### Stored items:
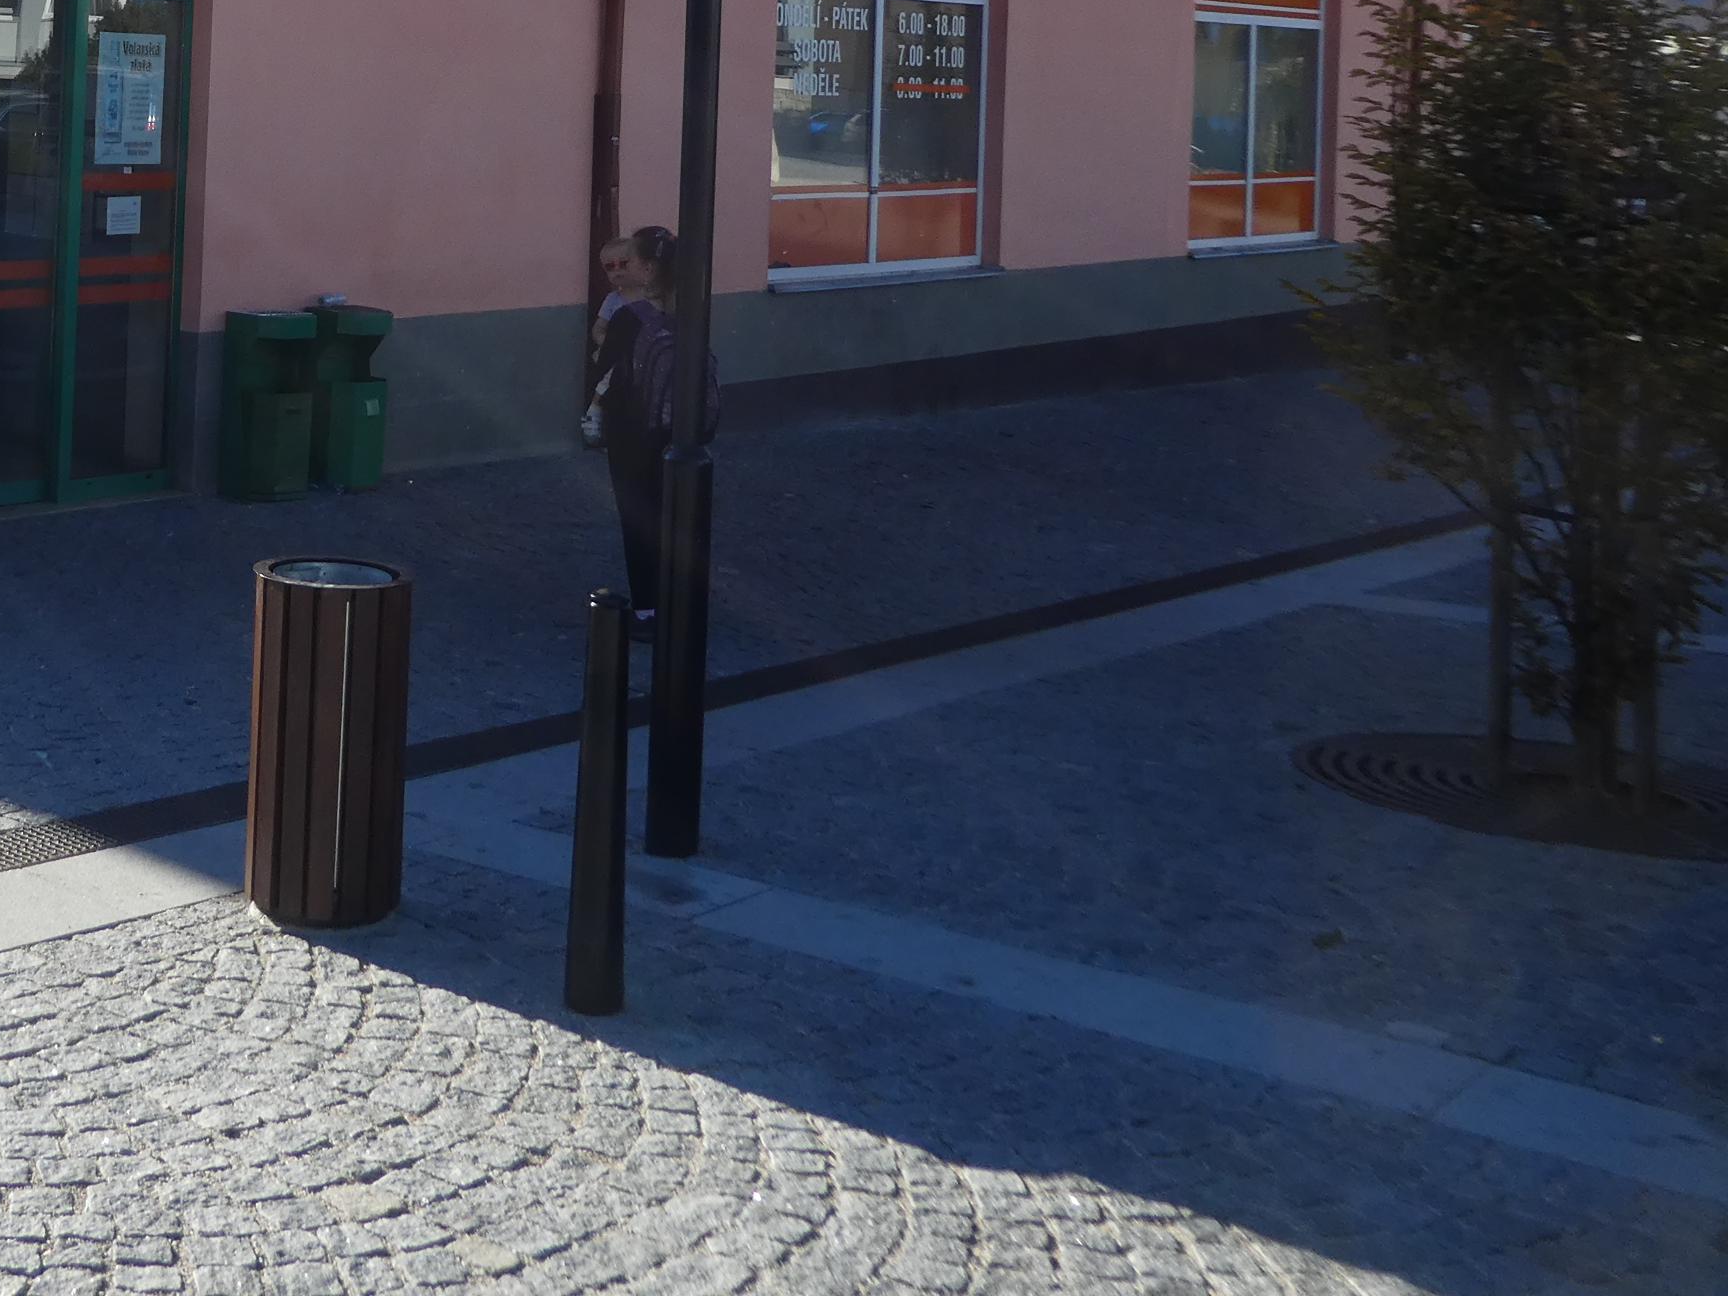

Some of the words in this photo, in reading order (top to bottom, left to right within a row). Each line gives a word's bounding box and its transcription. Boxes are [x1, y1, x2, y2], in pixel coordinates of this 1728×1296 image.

[776, 0, 822, 29] ONDĚLÍ
[832, 2, 868, 30] PÁTEK
[898, 12, 924, 35] 6.00
[934, 14, 965, 36] 18.00
[793, 39, 841, 63] SOBOTA
[898, 45, 922, 67] 7.00
[934, 46, 965, 68] 11.00
[793, 68, 839, 96] NEDĚLE

### WORK TO COMPLETE:
After dropping every picture, transcribe each entry exactly.

### SOLUTION BELOW:
Some of the words in this photo, in reading order (top to bottom, left to right within a row). Each line gives a word's bounding box and its transcription. Boxes are [x1, y1, x2, y2], in pixel coordinates of this 1728×1296 image.

[776, 0, 822, 29] ONDĚLÍ
[832, 2, 868, 30] PÁTEK
[898, 12, 924, 35] 6.00
[934, 14, 965, 36] 18.00
[793, 39, 841, 63] SOBOTA
[898, 45, 922, 67] 7.00
[934, 46, 965, 68] 11.00
[793, 68, 839, 96] NEDĚLE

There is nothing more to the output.